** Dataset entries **
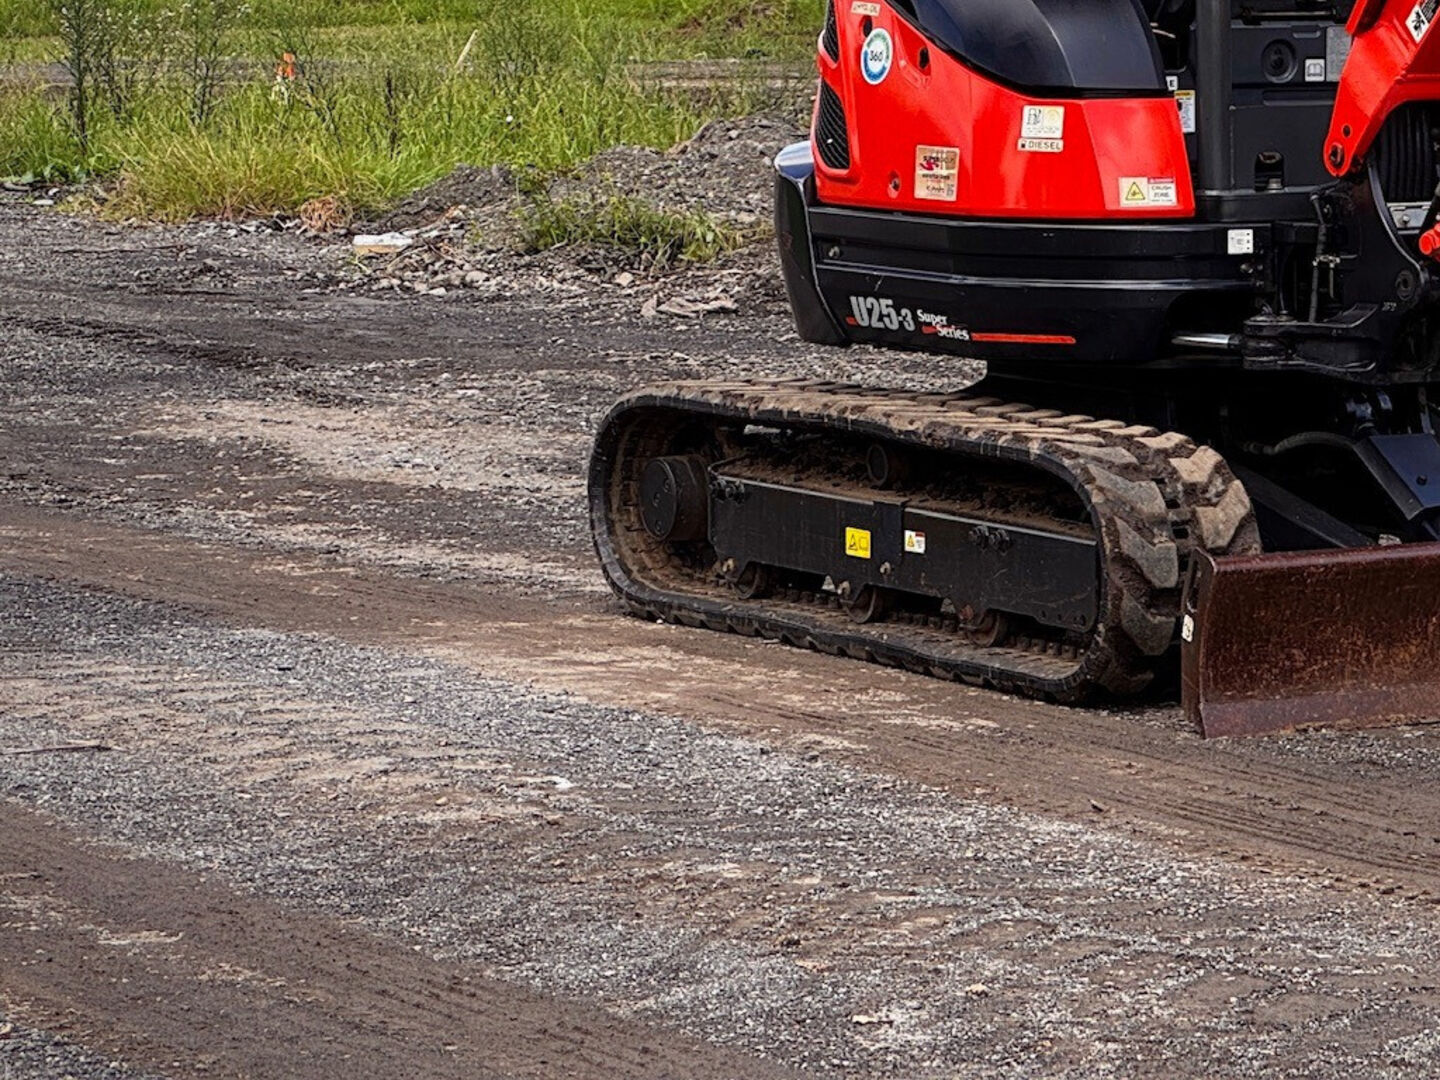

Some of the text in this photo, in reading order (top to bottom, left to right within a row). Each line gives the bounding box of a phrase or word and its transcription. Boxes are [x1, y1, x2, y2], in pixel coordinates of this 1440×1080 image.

[1028, 140, 1061, 151] DIESEL
[849, 295, 916, 332] U25-3
[916, 309, 948, 327] Super
[936, 324, 970, 340] Series
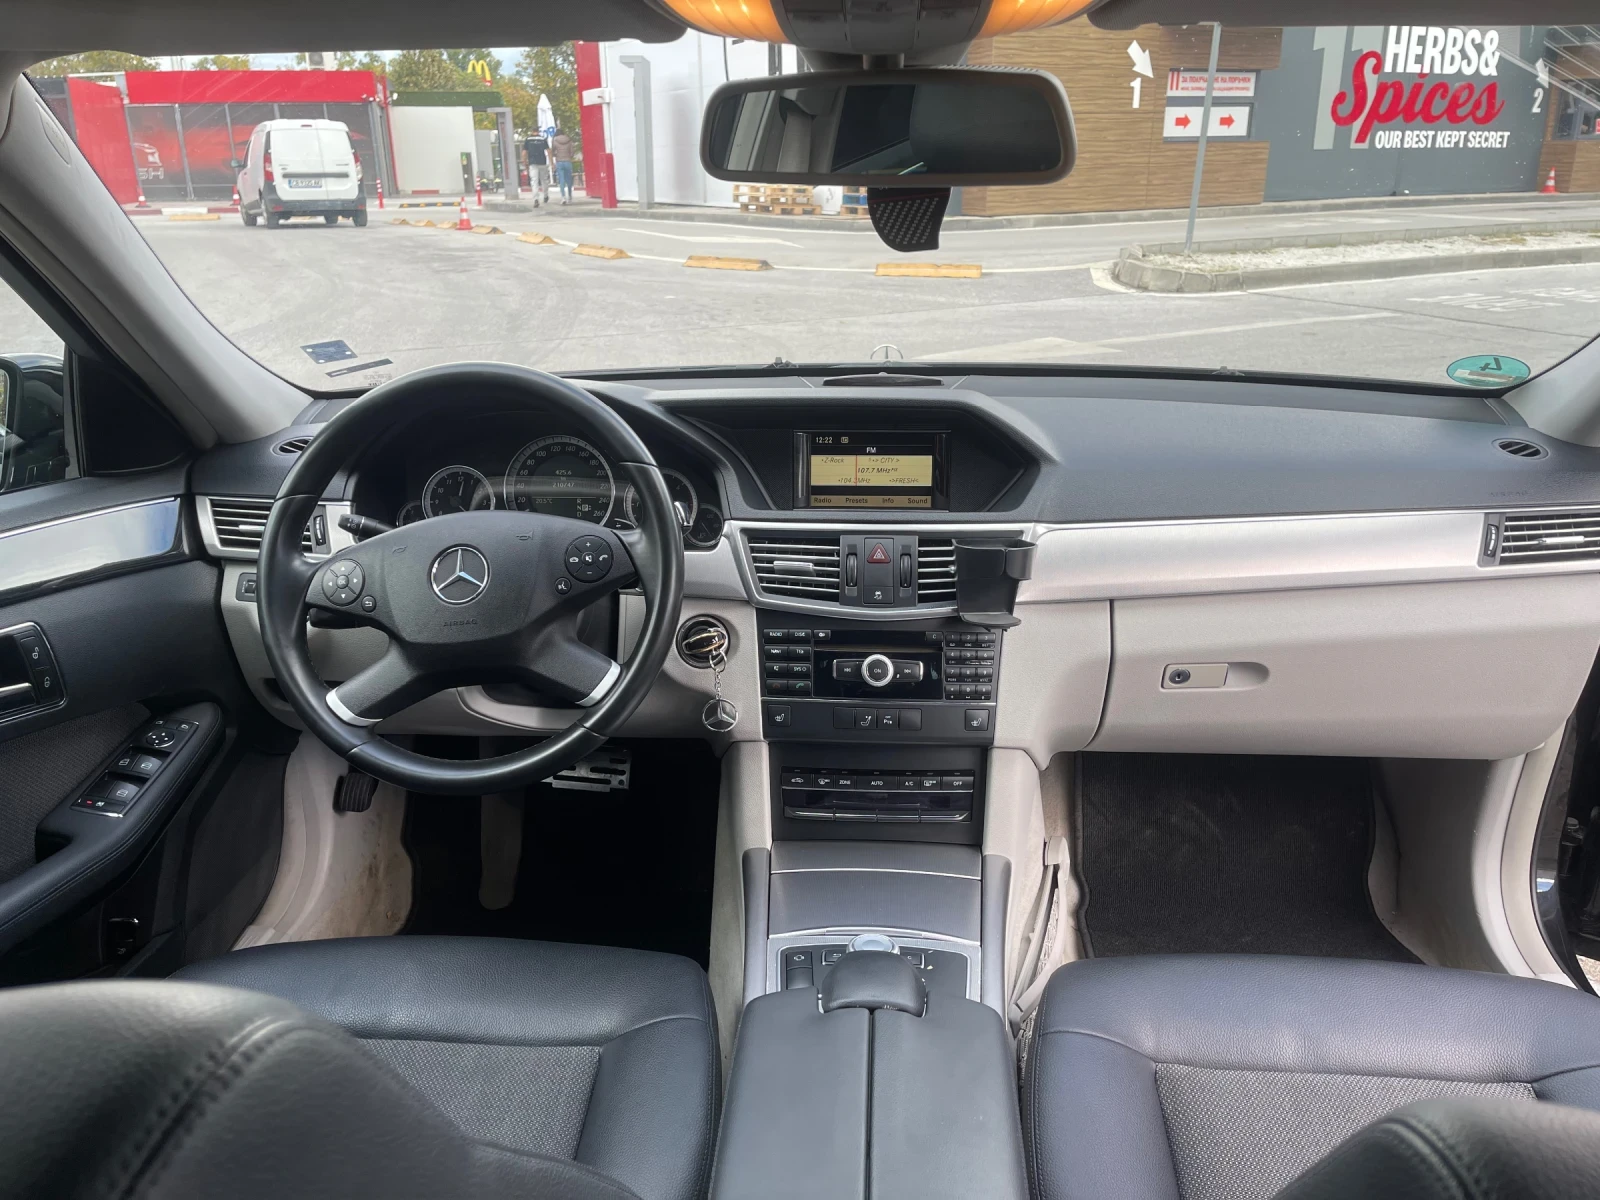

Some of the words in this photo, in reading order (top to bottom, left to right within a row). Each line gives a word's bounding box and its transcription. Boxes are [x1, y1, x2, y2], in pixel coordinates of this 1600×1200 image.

** Task objective **
An exact, image-free transcription of all the records above is needed.

** Result of the exercise **
Some of the text in this photo, in reading order (top to bottom, left to right within a row). Each line gives the bounding box of a phrase or word and its transcription. Boxes are [x1, y1, x2, y2], in pixel coordinates of this 1440×1080 image.

[1028, 140, 1061, 151] DIESEL
[849, 295, 916, 332] U25-3
[916, 309, 948, 327] Super
[936, 324, 970, 340] Series

Some of the words in this photo, in reading order (top to bottom, left to right within a row). Each line gives a word's bounding box and its transcription. Boxes are [x1, y1, x2, y2], in pixel coordinates of this 1600×1200 image.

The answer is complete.